RECORDED DATA =
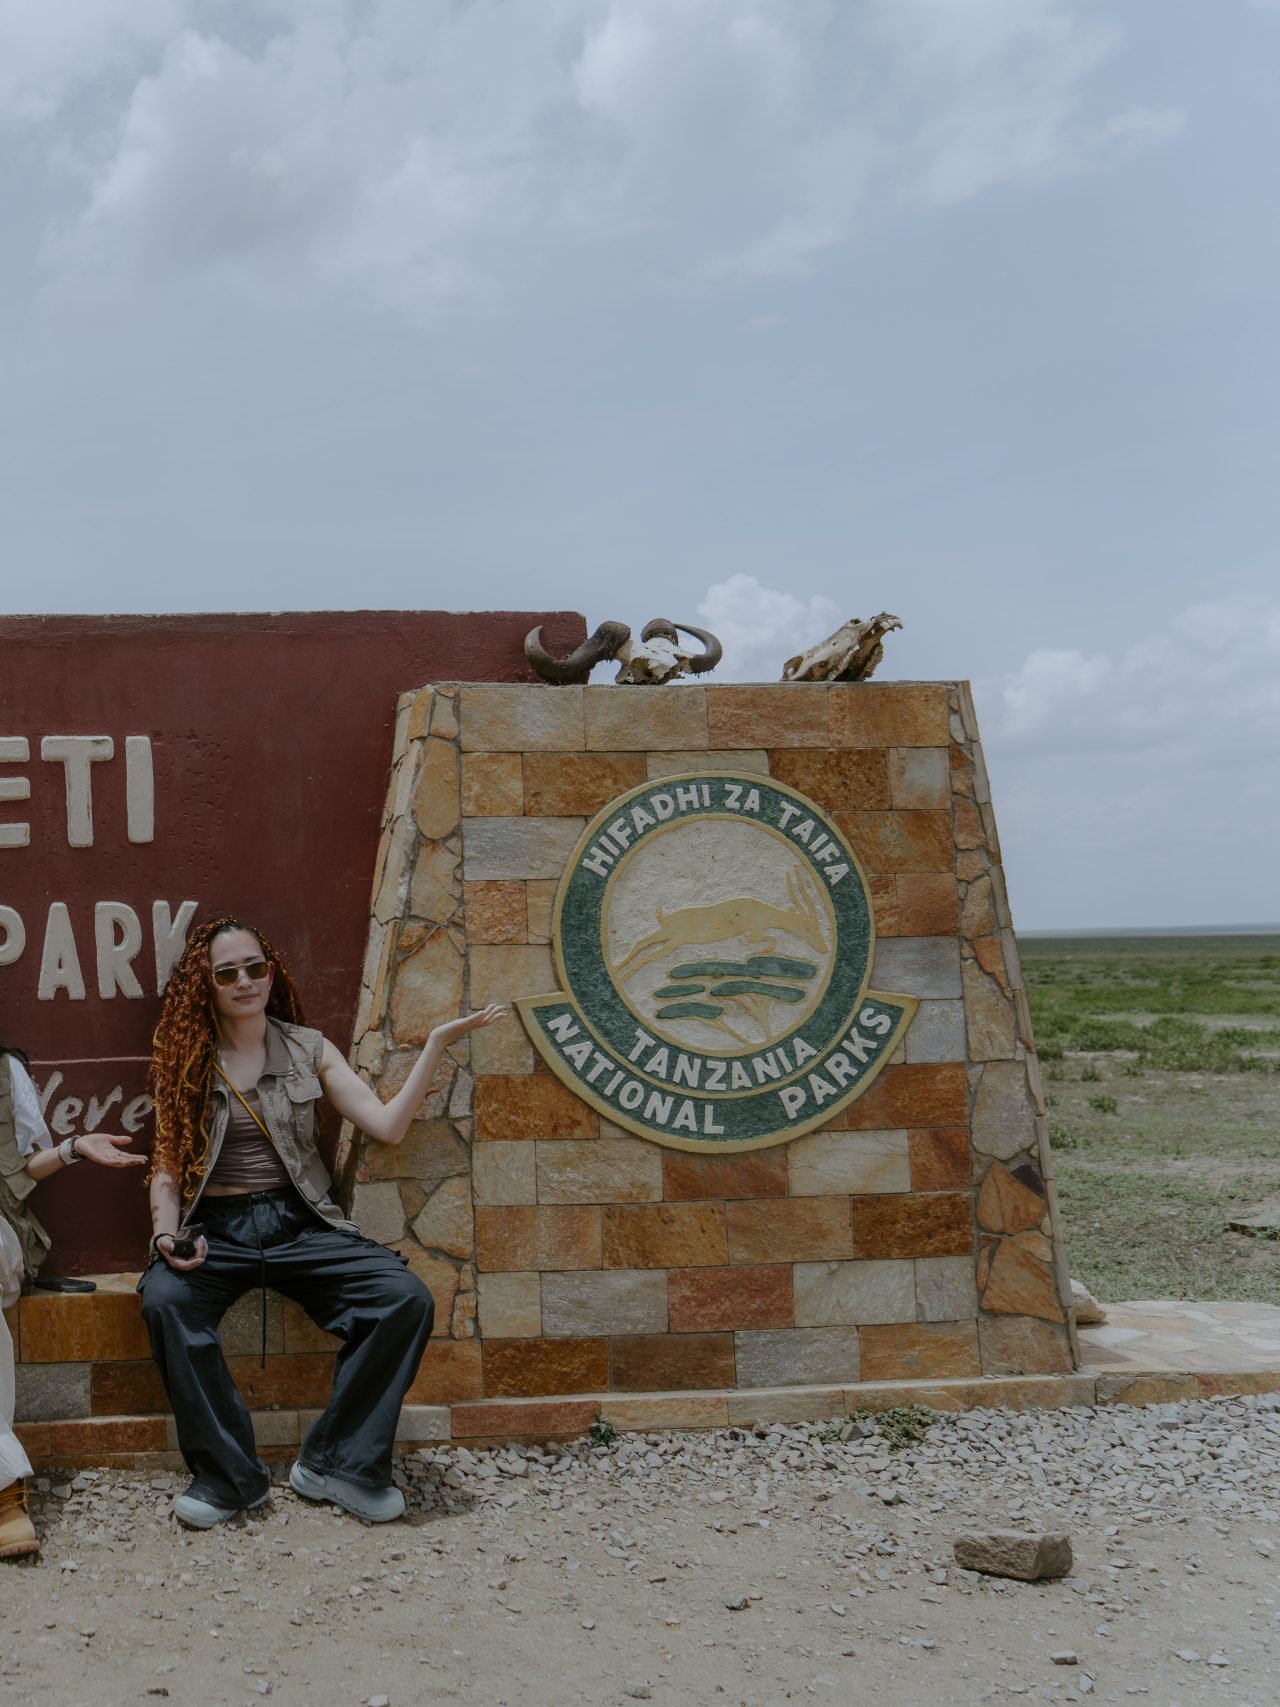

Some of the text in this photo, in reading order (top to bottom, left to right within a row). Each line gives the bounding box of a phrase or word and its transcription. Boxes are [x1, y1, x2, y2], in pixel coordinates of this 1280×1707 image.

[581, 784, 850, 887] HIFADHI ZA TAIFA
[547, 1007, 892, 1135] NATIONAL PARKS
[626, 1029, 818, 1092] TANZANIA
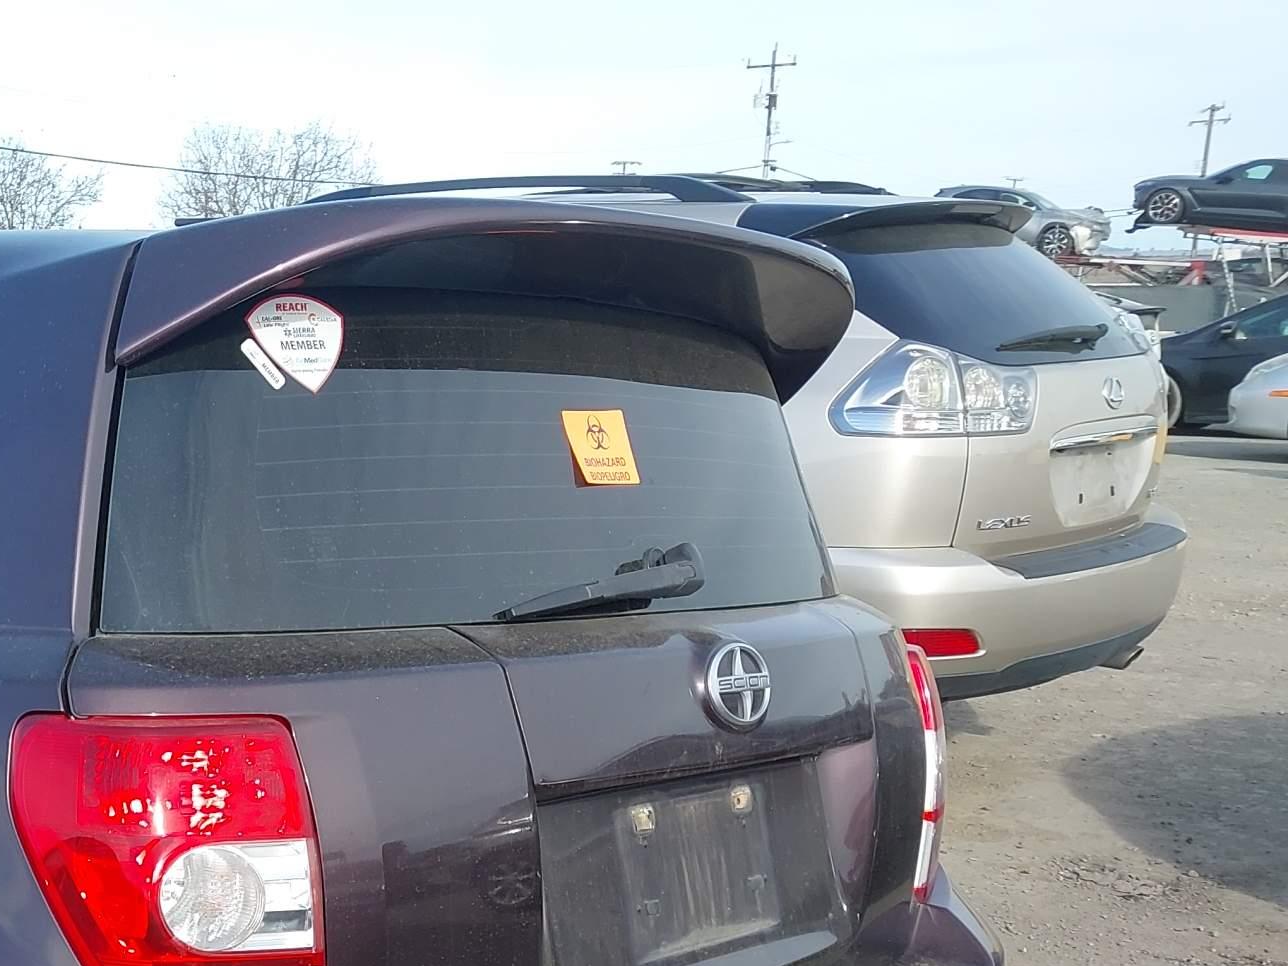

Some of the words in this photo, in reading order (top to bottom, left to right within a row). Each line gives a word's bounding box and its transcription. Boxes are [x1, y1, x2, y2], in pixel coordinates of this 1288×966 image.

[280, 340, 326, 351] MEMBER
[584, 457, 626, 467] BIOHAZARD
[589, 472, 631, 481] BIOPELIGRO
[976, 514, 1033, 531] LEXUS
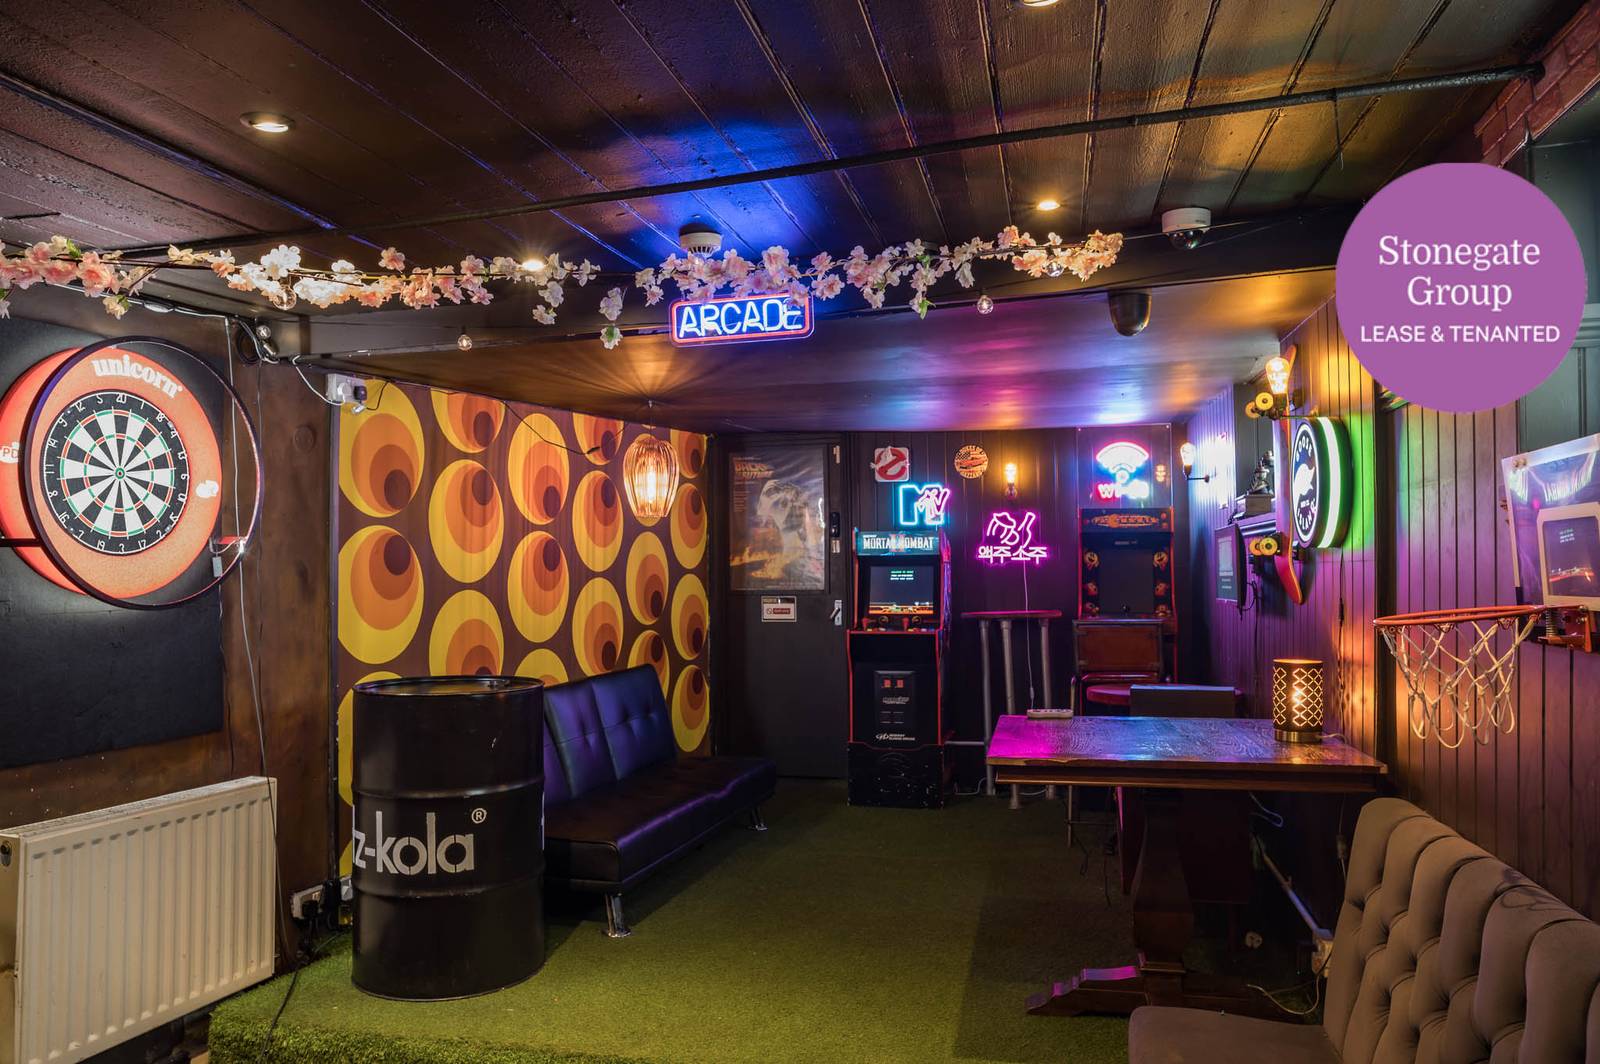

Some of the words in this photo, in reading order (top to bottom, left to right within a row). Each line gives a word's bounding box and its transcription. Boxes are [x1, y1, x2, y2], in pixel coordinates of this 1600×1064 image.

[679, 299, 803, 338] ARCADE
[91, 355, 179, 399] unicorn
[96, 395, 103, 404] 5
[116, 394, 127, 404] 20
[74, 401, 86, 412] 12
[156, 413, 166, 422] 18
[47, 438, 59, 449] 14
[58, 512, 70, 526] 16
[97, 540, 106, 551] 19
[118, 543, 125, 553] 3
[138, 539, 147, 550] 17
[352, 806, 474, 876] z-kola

ASSIGNED TASK =
Reproduce the entries above without change, omitting all pictures.

SOLUTION TO THE PROBLEM =
Some of the text in this photo, in reading order (top to bottom, left to right within a row). Each line gives the bounding box of a phrase or word and its transcription. Boxes are [x1, y1, x2, y2], in pixel coordinates of this 1280×1707 image.

[581, 784, 850, 887] HIFADHI ZA TAIFA
[547, 1007, 892, 1135] NATIONAL PARKS
[626, 1029, 818, 1092] TANZANIA

Some of the words in this photo, in reading order (top to bottom, left to right within a row). Each line gives a word's bounding box and its transcription. Boxes are [x1, y1, x2, y2], in pixel coordinates of this 1288×966 image.

[280, 340, 326, 351] MEMBER
[584, 457, 626, 467] BIOHAZARD
[589, 472, 631, 481] BIOPELIGRO
[976, 514, 1033, 531] LEXUS

Some of the words in this photo, in reading order (top to bottom, left to right within a row). Each line gives a word's bounding box and its transcription. Boxes are [x1, y1, x2, y2], in pixel coordinates of this 1600×1064 image.

[679, 299, 803, 338] ARCADE
[91, 355, 179, 399] unicorn
[96, 395, 103, 404] 5
[116, 394, 127, 404] 20
[74, 401, 86, 412] 12
[156, 413, 166, 422] 18
[47, 438, 59, 449] 14
[58, 512, 70, 526] 16
[97, 540, 106, 551] 19
[118, 543, 125, 553] 3
[138, 539, 147, 550] 17
[352, 806, 474, 876] z-kola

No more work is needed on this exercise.